(Saved data entries)
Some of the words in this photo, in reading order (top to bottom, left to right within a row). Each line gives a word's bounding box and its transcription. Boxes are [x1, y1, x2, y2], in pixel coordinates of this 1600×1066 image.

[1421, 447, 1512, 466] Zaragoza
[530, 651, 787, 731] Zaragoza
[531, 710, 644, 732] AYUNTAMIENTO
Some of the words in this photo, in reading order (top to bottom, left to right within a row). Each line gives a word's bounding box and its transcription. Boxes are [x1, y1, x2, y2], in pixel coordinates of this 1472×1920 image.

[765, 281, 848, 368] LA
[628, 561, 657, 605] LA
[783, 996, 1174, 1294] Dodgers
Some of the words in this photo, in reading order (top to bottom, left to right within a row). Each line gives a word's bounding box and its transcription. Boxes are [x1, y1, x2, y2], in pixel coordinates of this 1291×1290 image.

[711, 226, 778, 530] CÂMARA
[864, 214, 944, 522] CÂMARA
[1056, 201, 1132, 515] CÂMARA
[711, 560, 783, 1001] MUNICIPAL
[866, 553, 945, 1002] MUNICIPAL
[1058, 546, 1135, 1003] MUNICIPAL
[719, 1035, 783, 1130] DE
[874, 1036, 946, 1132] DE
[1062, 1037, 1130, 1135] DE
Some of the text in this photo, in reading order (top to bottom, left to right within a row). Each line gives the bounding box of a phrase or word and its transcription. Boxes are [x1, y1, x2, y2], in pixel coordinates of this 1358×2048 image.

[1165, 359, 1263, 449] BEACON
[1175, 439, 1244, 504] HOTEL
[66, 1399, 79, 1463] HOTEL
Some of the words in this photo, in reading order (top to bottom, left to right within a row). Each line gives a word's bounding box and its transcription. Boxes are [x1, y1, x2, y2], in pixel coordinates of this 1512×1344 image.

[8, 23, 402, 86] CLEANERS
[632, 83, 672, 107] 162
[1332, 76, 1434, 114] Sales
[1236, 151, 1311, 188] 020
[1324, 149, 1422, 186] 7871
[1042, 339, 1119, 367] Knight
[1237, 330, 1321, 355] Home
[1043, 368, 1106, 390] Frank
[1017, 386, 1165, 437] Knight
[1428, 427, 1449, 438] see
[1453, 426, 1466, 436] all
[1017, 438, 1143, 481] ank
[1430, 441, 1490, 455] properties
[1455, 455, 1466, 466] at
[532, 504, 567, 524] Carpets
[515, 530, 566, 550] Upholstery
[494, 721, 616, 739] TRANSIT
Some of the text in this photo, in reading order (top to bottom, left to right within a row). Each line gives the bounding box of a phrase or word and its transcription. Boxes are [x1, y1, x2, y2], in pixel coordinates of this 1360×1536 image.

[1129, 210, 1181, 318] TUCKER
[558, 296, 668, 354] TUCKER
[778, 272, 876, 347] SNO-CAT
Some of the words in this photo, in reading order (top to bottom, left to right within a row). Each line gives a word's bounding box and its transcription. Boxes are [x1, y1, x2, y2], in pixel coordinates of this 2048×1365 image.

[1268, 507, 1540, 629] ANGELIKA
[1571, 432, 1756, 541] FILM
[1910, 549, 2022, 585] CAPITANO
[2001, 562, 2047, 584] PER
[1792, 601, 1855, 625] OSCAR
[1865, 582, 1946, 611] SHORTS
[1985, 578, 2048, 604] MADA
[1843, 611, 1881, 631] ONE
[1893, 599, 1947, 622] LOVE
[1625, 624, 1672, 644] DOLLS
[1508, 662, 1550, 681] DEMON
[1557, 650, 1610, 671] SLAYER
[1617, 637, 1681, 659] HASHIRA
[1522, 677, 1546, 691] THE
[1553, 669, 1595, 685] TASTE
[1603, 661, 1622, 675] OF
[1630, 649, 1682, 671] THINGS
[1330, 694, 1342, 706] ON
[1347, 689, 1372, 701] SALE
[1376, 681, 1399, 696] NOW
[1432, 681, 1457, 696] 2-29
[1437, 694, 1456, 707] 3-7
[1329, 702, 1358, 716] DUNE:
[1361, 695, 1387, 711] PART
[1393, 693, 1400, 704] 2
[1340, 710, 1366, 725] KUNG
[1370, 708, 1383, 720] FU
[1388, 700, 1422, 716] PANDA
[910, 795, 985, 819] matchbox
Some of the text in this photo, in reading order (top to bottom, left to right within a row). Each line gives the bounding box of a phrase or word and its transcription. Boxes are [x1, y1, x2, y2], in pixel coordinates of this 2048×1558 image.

** Exercise directions **
Quote all of the entries exactly as they appear.

** Response **
Some of the words in this photo, in reading order (top to bottom, left to right within a row). Each line gives a word's bounding box and its transcription. Boxes are [x1, y1, x2, y2], in pixel coordinates of this 1600×1066 image.

[1421, 447, 1512, 466] Zaragoza
[530, 651, 787, 731] Zaragoza
[531, 710, 644, 732] AYUNTAMIENTO
Some of the words in this photo, in reading order (top to bottom, left to right within a row). Each line gives a word's bounding box and its transcription. Boxes are [x1, y1, x2, y2], in pixel coordinates of this 1472×1920 image.

[765, 281, 848, 368] LA
[628, 561, 657, 605] LA
[783, 996, 1174, 1294] Dodgers
Some of the words in this photo, in reading order (top to bottom, left to right within a row). Each line gives a word's bounding box and its transcription. Boxes are [x1, y1, x2, y2], in pixel coordinates of this 1291×1290 image.

[711, 226, 778, 530] CÂMARA
[864, 214, 944, 522] CÂMARA
[1056, 201, 1132, 515] CÂMARA
[711, 560, 783, 1001] MUNICIPAL
[866, 553, 945, 1002] MUNICIPAL
[1058, 546, 1135, 1003] MUNICIPAL
[719, 1035, 783, 1130] DE
[874, 1036, 946, 1132] DE
[1062, 1037, 1130, 1135] DE
Some of the text in this photo, in reading order (top to bottom, left to right within a row). Each line gives the bounding box of a phrase or word and its transcription. Boxes are [x1, y1, x2, y2], in pixel coordinates of this 1358×2048 image.

[1165, 359, 1263, 449] BEACON
[1175, 439, 1244, 504] HOTEL
[66, 1399, 79, 1463] HOTEL
Some of the words in this photo, in reading order (top to bottom, left to right within a row). Each line gives a word's bounding box and its transcription. Boxes are [x1, y1, x2, y2], in pixel coordinates of this 1512×1344 image.

[8, 23, 402, 86] CLEANERS
[632, 83, 672, 107] 162
[1332, 76, 1434, 114] Sales
[1236, 151, 1311, 188] 020
[1324, 149, 1422, 186] 7871
[1042, 339, 1119, 367] Knight
[1237, 330, 1321, 355] Home
[1043, 368, 1106, 390] Frank
[1017, 386, 1165, 437] Knight
[1428, 427, 1449, 438] see
[1453, 426, 1466, 436] all
[1017, 438, 1143, 481] ank
[1430, 441, 1490, 455] properties
[1455, 455, 1466, 466] at
[532, 504, 567, 524] Carpets
[515, 530, 566, 550] Upholstery
[494, 721, 616, 739] TRANSIT
Some of the text in this photo, in reading order (top to bottom, left to right within a row). Each line gives the bounding box of a phrase or word and its transcription. Boxes are [x1, y1, x2, y2], in pixel coordinates of this 1360×1536 image.

[1129, 210, 1181, 318] TUCKER
[558, 296, 668, 354] TUCKER
[778, 272, 876, 347] SNO-CAT
Some of the words in this photo, in reading order (top to bottom, left to right within a row). Each line gives a word's bounding box and its transcription. Boxes are [x1, y1, x2, y2], in pixel coordinates of this 2048×1365 image.

[1268, 507, 1540, 629] ANGELIKA
[1571, 432, 1756, 541] FILM
[1910, 549, 2022, 585] CAPITANO
[2001, 562, 2047, 584] PER
[1792, 601, 1855, 625] OSCAR
[1865, 582, 1946, 611] SHORTS
[1985, 578, 2048, 604] MADA
[1843, 611, 1881, 631] ONE
[1893, 599, 1947, 622] LOVE
[1625, 624, 1672, 644] DOLLS
[1508, 662, 1550, 681] DEMON
[1557, 650, 1610, 671] SLAYER
[1617, 637, 1681, 659] HASHIRA
[1522, 677, 1546, 691] THE
[1553, 669, 1595, 685] TASTE
[1603, 661, 1622, 675] OF
[1630, 649, 1682, 671] THINGS
[1330, 694, 1342, 706] ON
[1347, 689, 1372, 701] SALE
[1376, 681, 1399, 696] NOW
[1432, 681, 1457, 696] 2-29
[1437, 694, 1456, 707] 3-7
[1329, 702, 1358, 716] DUNE:
[1361, 695, 1387, 711] PART
[1393, 693, 1400, 704] 2
[1340, 710, 1366, 725] KUNG
[1370, 708, 1383, 720] FU
[1388, 700, 1422, 716] PANDA
[910, 795, 985, 819] matchbox
Some of the text in this photo, in reading order (top to bottom, left to right within a row). Each line gives the bounding box of a phrase or word and its transcription. Boxes are [x1, y1, x2, y2], in pixel coordinates of this 2048×1558 image.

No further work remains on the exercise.